- [Problem]:
Go through the listing below and write out exactly the lines from the one that mentions "Some of the text" through the one that mentions "this 1214×1619 image.", minus the pictures.

- [Supplied information]:
*** Begin section ***
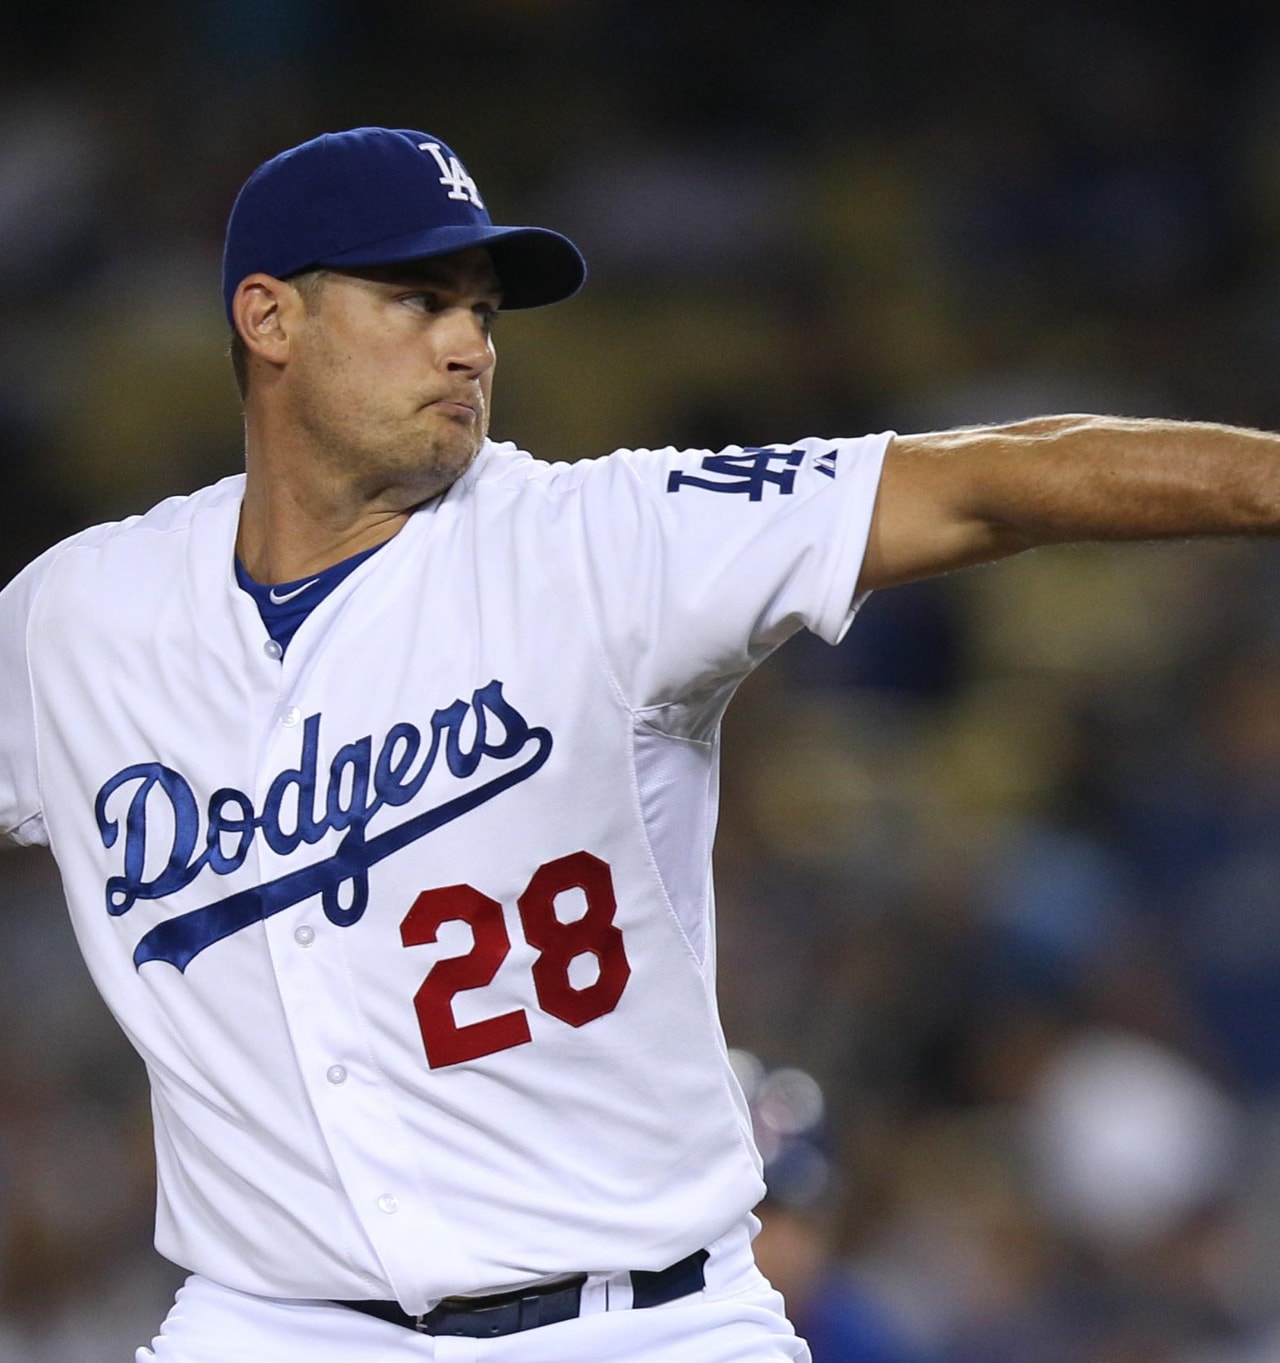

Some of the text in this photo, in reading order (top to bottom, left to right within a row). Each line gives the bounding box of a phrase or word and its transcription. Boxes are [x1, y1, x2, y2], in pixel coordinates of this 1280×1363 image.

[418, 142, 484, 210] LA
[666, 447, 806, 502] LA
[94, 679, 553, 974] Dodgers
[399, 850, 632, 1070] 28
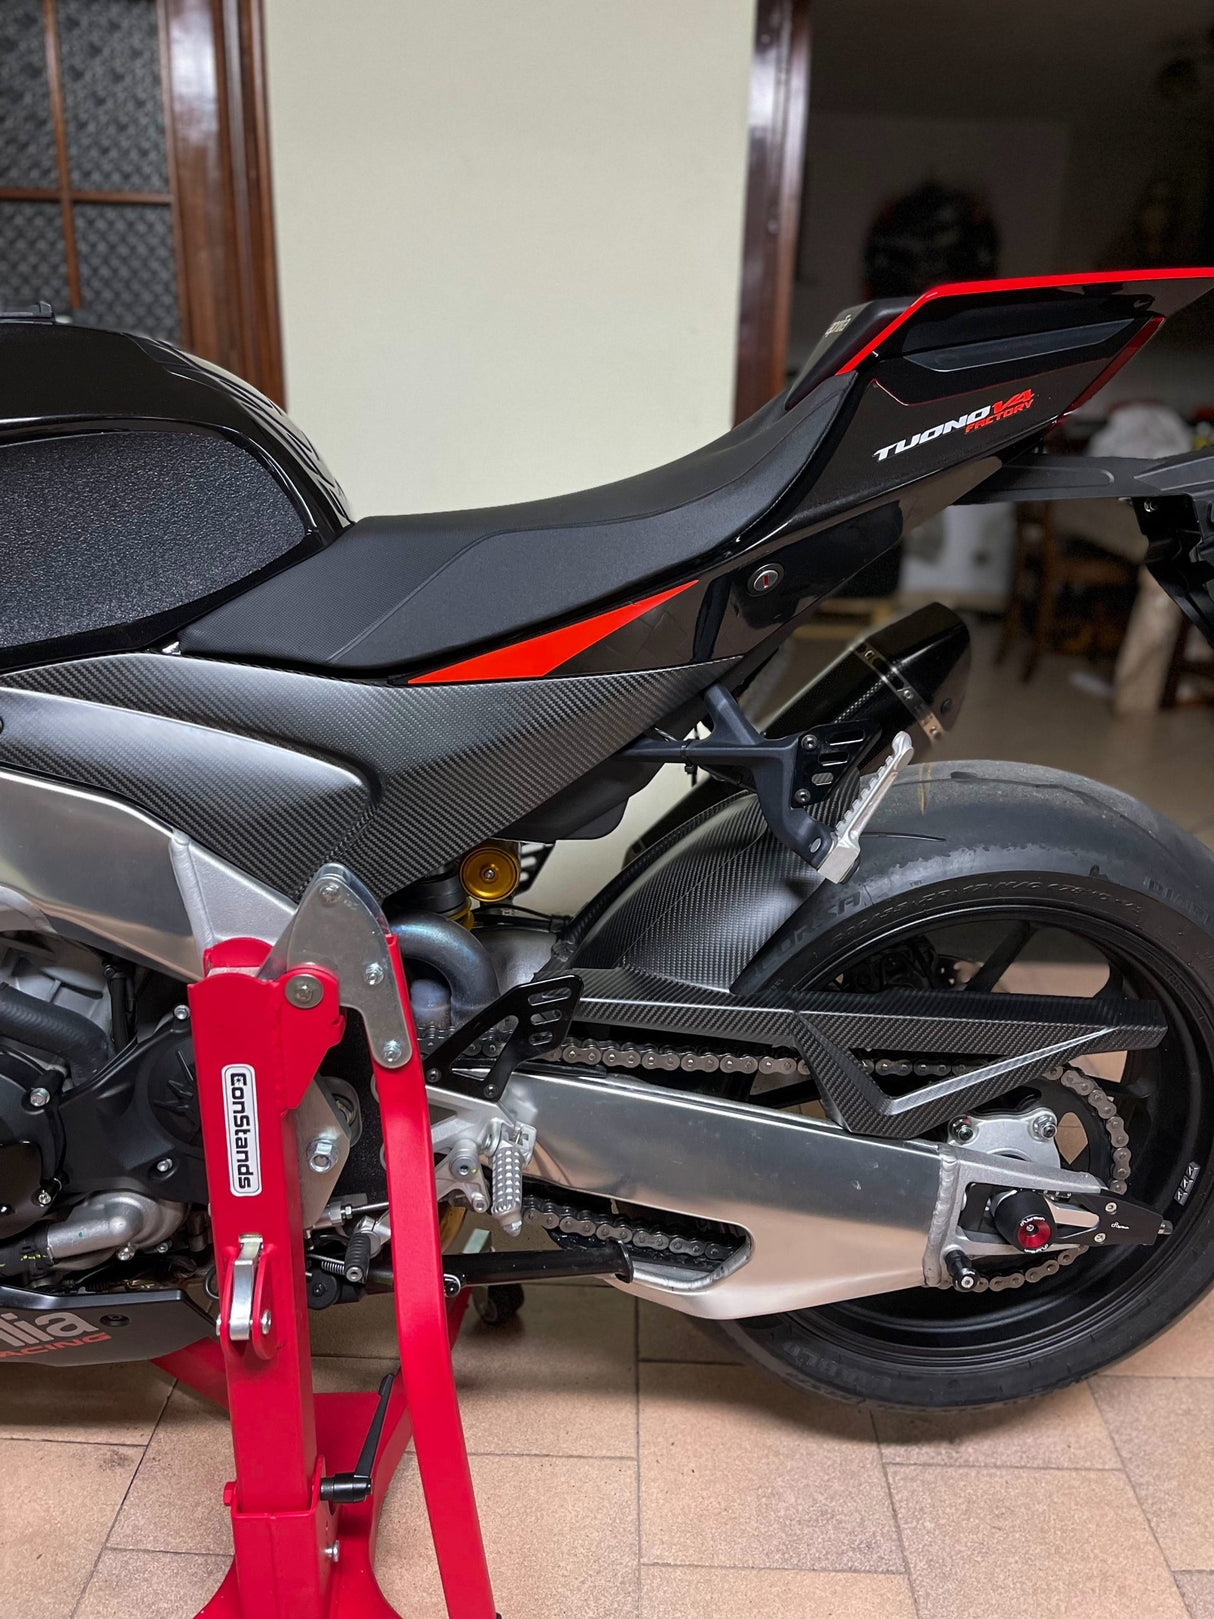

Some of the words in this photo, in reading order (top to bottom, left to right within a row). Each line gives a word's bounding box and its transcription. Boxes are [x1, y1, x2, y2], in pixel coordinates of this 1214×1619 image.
*** End section ***
*** Begin section ***
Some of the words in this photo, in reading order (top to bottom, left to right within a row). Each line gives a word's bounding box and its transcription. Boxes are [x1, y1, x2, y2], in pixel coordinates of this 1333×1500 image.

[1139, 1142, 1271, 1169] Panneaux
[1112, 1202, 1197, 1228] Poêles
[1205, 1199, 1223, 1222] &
*** End section ***
*** Begin section ***
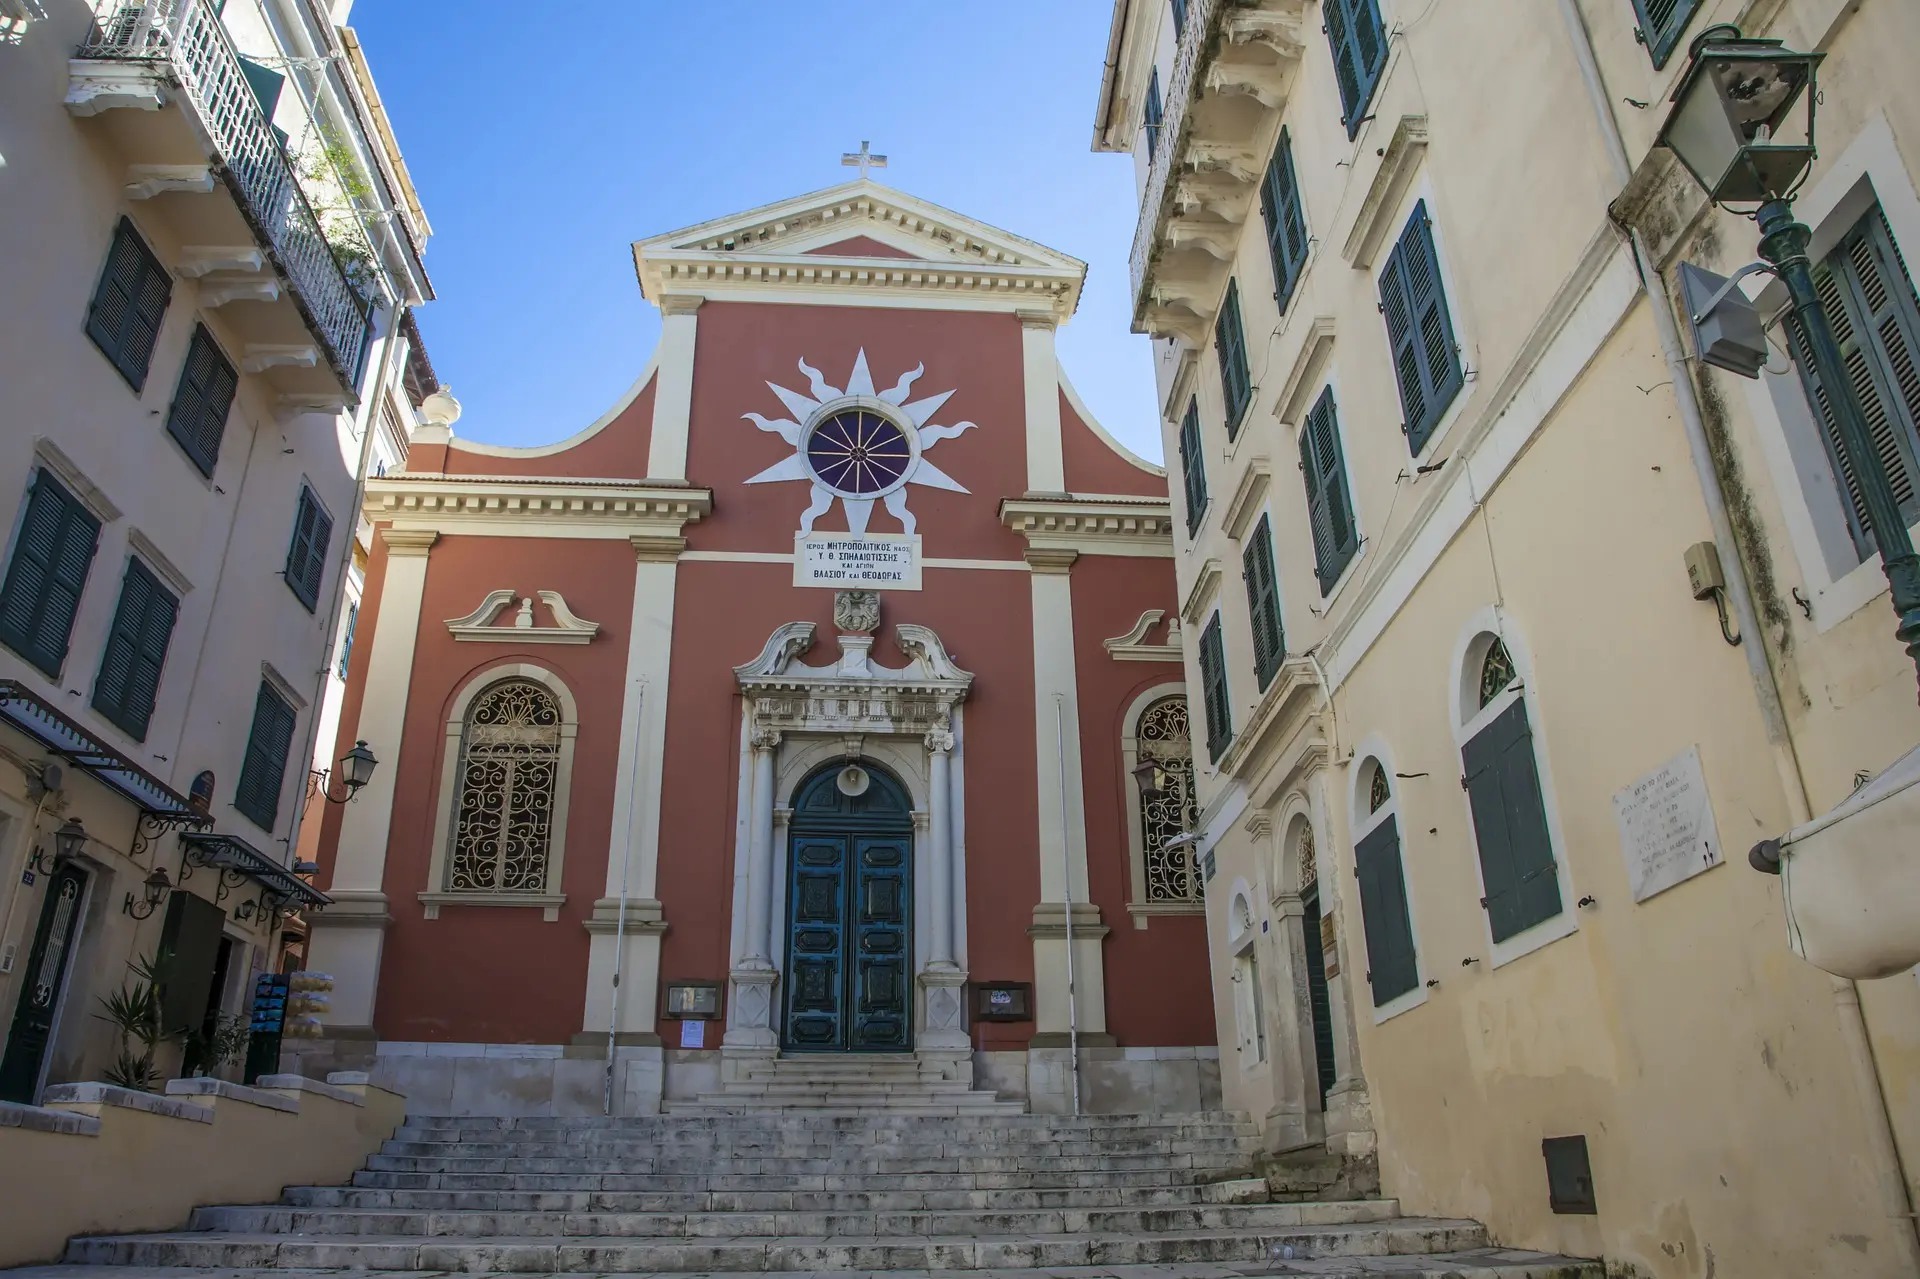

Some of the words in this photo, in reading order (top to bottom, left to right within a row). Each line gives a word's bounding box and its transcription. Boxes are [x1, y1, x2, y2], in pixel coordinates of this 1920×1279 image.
*** End section ***
- [Solution for this exercise]:
Some of the text in this photo, in reading order (top to bottom, left to right within a row). Each line gives the bounding box of a phrase or word and its transcription. Boxes are [x1, y1, x2, y2], in pixel coordinates of this 1280×1363 image.

[418, 142, 484, 210] LA
[666, 447, 806, 502] LA
[94, 679, 553, 974] Dodgers
[399, 850, 632, 1070] 28

Some of the words in this photo, in reading order (top to bottom, left to right within a row). Each line gives a word's bounding box and its transcription. Boxes are [x1, y1, x2, y2], in pixel coordinates of this 1214×1619 image.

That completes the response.